孤児院から奨学金で学校に通った私に、待っていてくれる人はいなかった。
文化祭、卒業式、親が昇降口で待っていてくれるのがいつも羨ましかった。

"なんで、私だけ生きてるんだろう…"

その疑問がピークになった高校の卒業式の日。
気づいたら、橋の欄干の上に座っていた。
誰も声をかけず、遠巻きに見ているだけ。

"お母さんとお父さんと祐樹は…待っていてくれてるよね……"

欄干から飛び降りようとしたら、凄く強く抱き留められた。


"馬鹿なコトするもんじゃねぇっ"


それが、神乃木さんだった。
その時、事件が起きてから始めて泣いた。

バイトとして就職が決まっていたものの、法界へ進もうとしている事を、過去の経歴も交ぜて話した。
黙って優しく聞いてもらえるのが嬉しくて次から次へと捲し立てた。

そして、彼が弁護士だと知った。


「弁護士…」


独学で司法試験に受からなければならなくて、彼がまだ新米で仕事の少なかった一年間、教えて貰っていた。

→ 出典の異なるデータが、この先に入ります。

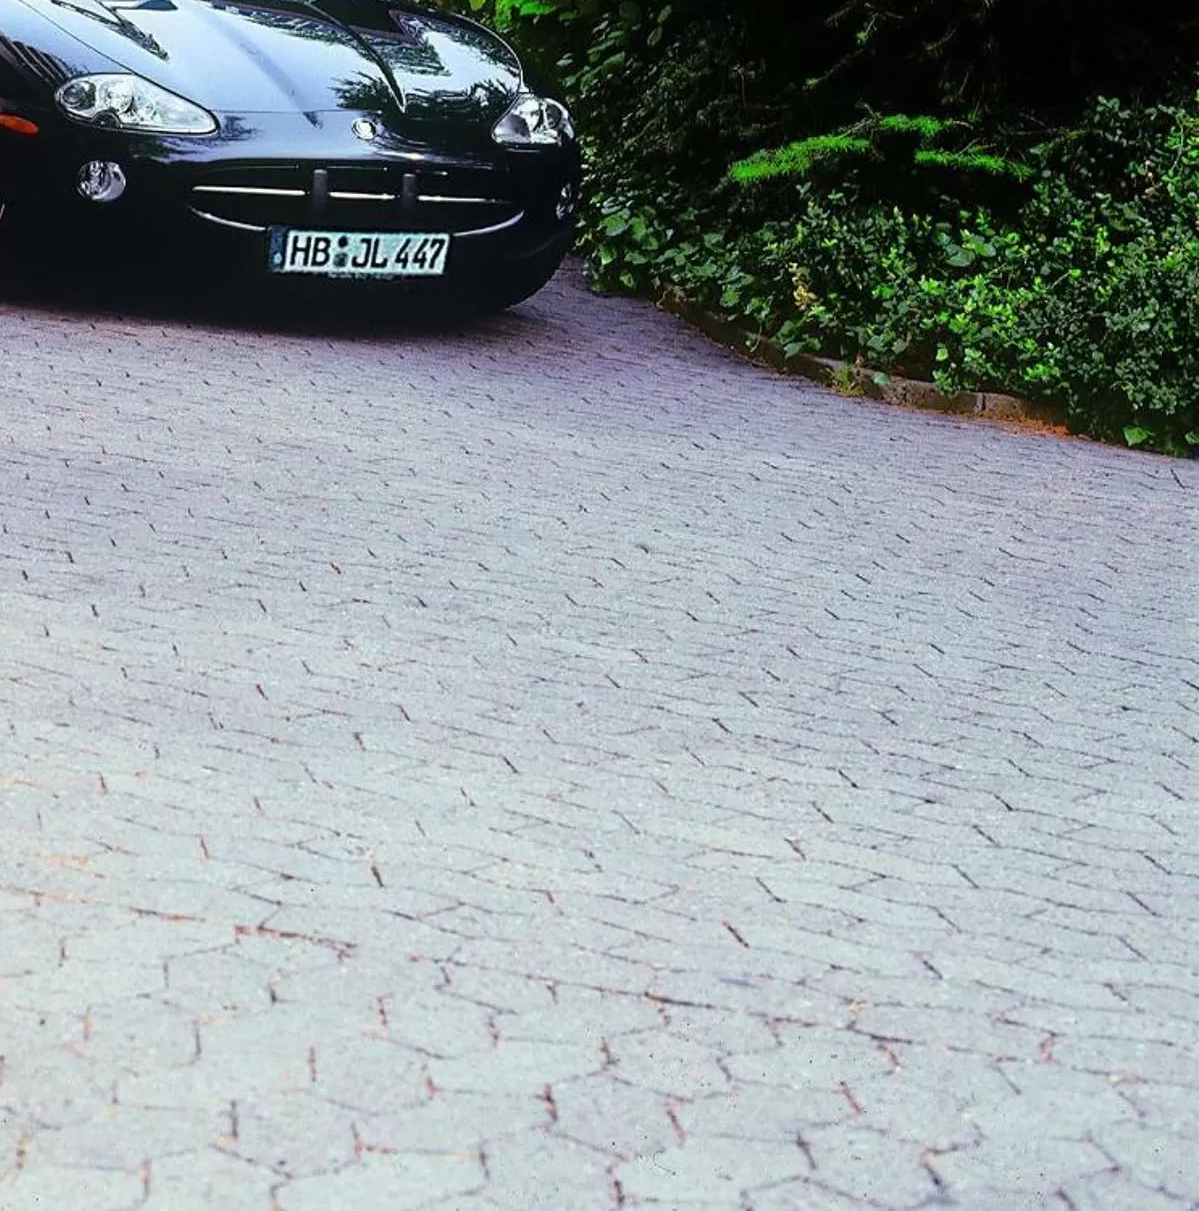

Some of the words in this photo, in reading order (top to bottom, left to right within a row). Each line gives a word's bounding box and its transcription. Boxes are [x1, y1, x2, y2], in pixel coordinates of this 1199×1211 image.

[289, 235, 331, 267] HB
[351, 237, 388, 269] JL
[394, 237, 446, 270] 447

彼に出会って一年目の春、時間が噛み合わなくなり、私は本格的に独学をする事になった。

"私の事…待っていて貰えませんか…"


『今思えば…あの人は"私が法界に入るのを待っていて欲しい"って捕らえたんだと思う』


だから、検事になった時、驚かれたんだ。


『私にとって、"待つ"っていうのはとても重い事なんだ…』

「…雨月」

『だから私は神乃木さんを待たなければならない。誰も待っていない悲しみは、私が一番知ってる』


どこか遠くを見るように、しかし何も見ていないかのようだった視線が、急に私に向いた。


『でもね、待っていて気づいたの』

「?」

『確かに私は神乃木さんに憧れているし、彼の事を待ってる。でも、恋愛感情じゃない、恩返しがしたいだけなんだ』

「…それは……」



部屋の時計が、12時を告げる。


『改めて、大好きだよ、怜侍…今年もよろしくね』

「こちらこそ…私も大好きだ、雨月…」


泣き腫らしたような瞳に吸い込まれるように、彼女の唇に自分のそれを重ねた。


お互いの淋しさを埋めるように、何度も何度も……



Fin.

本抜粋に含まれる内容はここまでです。